-------- GIVEN DATA

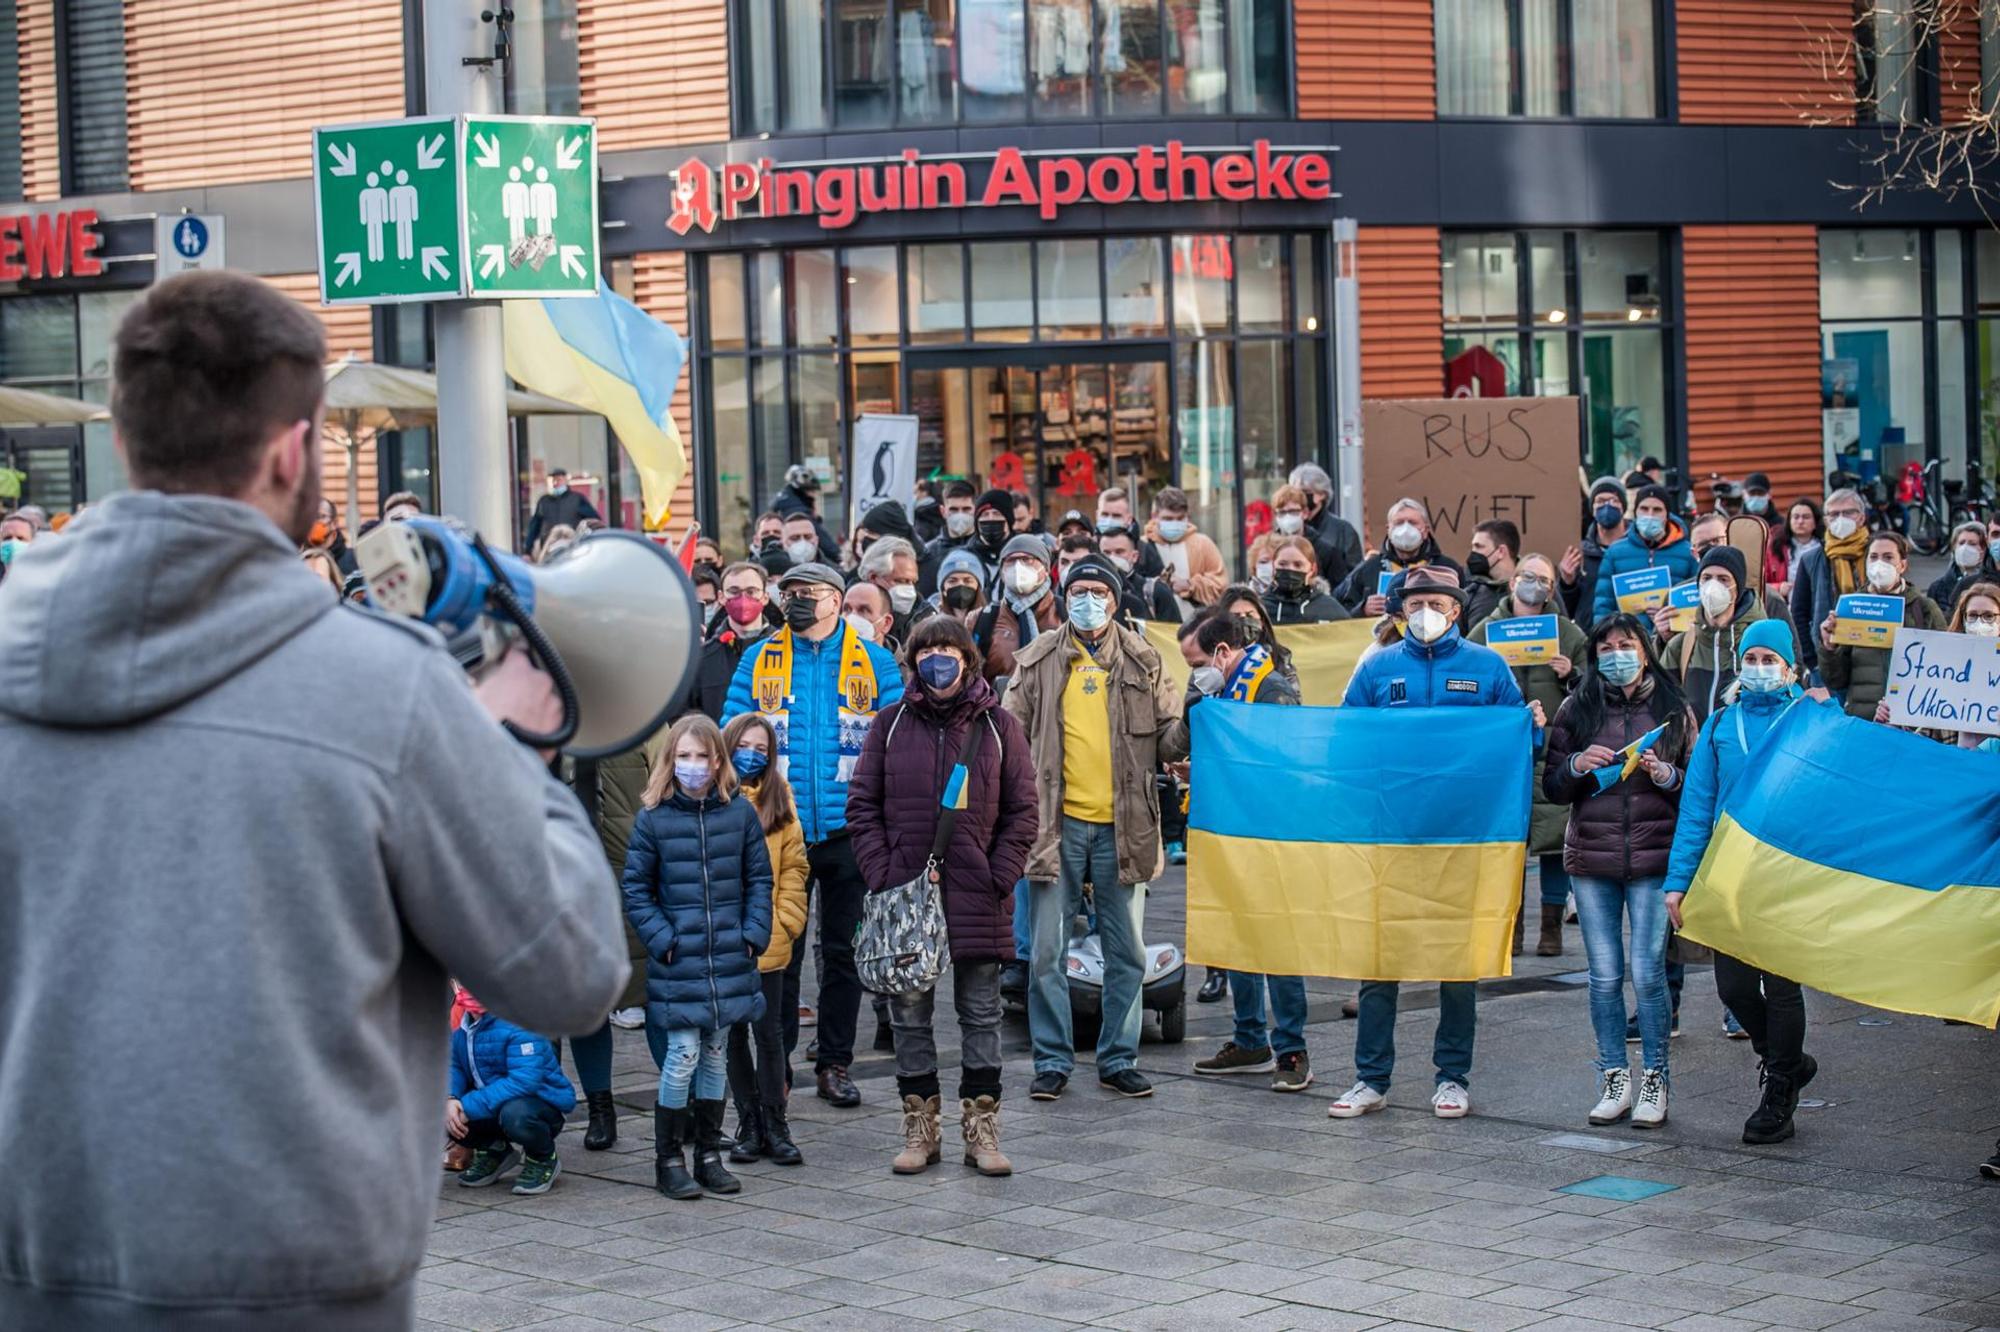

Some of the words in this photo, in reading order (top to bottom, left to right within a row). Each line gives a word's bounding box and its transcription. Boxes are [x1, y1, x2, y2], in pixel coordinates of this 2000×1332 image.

[722, 149, 967, 229] Pinguin
[983, 139, 1331, 219] Apotheke
[1423, 408, 1532, 461] RUS
[1896, 641, 1972, 683] Stand
[1907, 684, 1999, 723] Ukraine
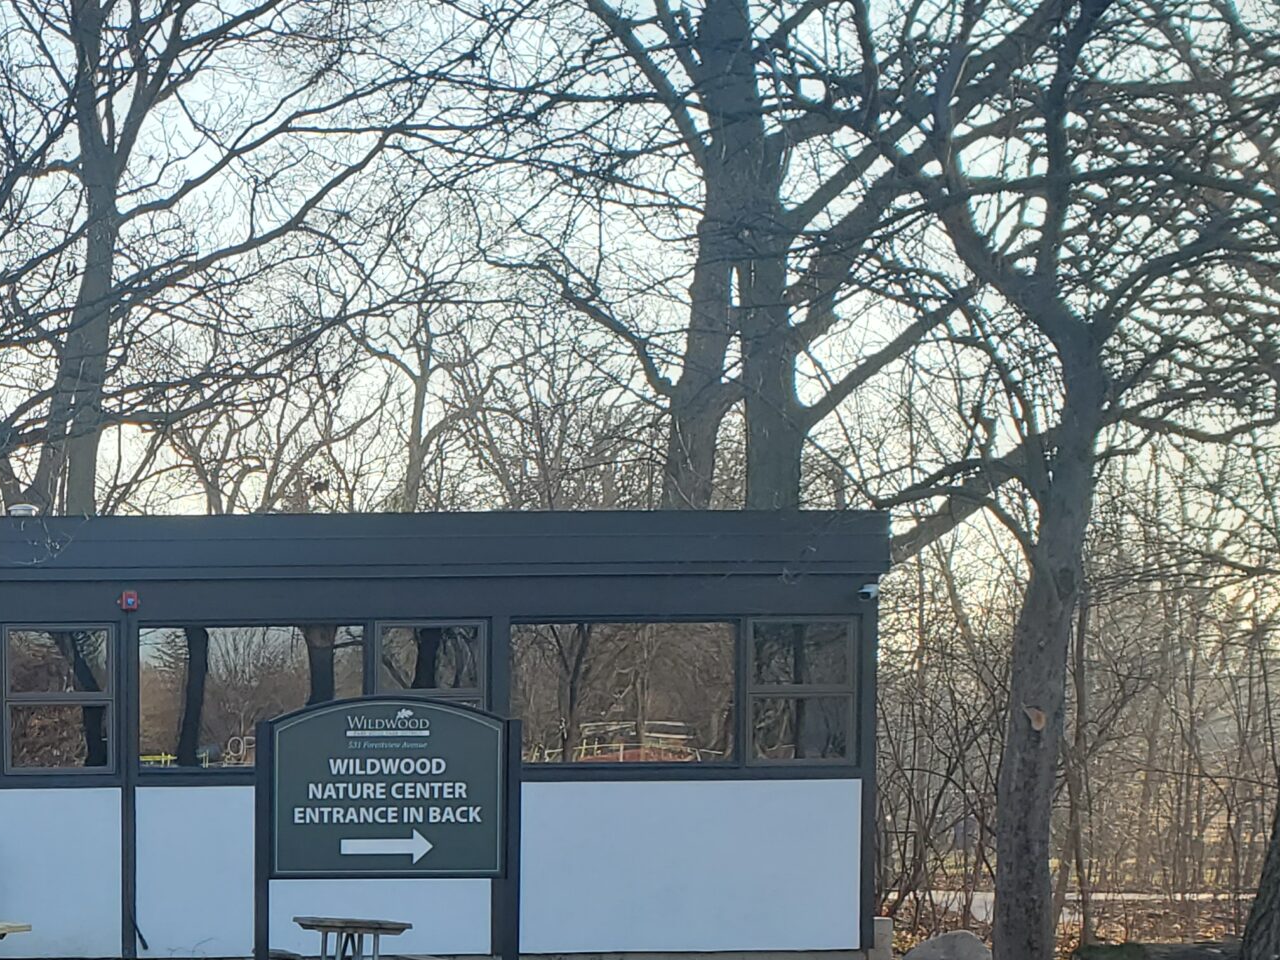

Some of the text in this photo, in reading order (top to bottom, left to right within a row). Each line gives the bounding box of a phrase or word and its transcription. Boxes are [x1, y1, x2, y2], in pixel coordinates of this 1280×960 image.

----------------

Could you reproduce the records above exactly, leaving out every picture?

Some of the words in this photo, in reading order (top to bottom, left to right within a row). Each line gives a word's bounding box and its transcription. Boxes are [x1, y1, x2, y2], in pixel coordinates of this 2000×1332 image.

[722, 149, 967, 229] Pinguin
[983, 139, 1331, 219] Apotheke
[1423, 408, 1532, 461] RUS
[1896, 641, 1972, 683] Stand
[1907, 684, 1999, 723] Ukraine

Some of the text in this photo, in reading order (top to bottom, left to right within a row). Each line gives the bounding box of a phrase or word and its transcription. Boxes are [x1, y1, x2, y2], in pixel coordinates of this 1280×960 image.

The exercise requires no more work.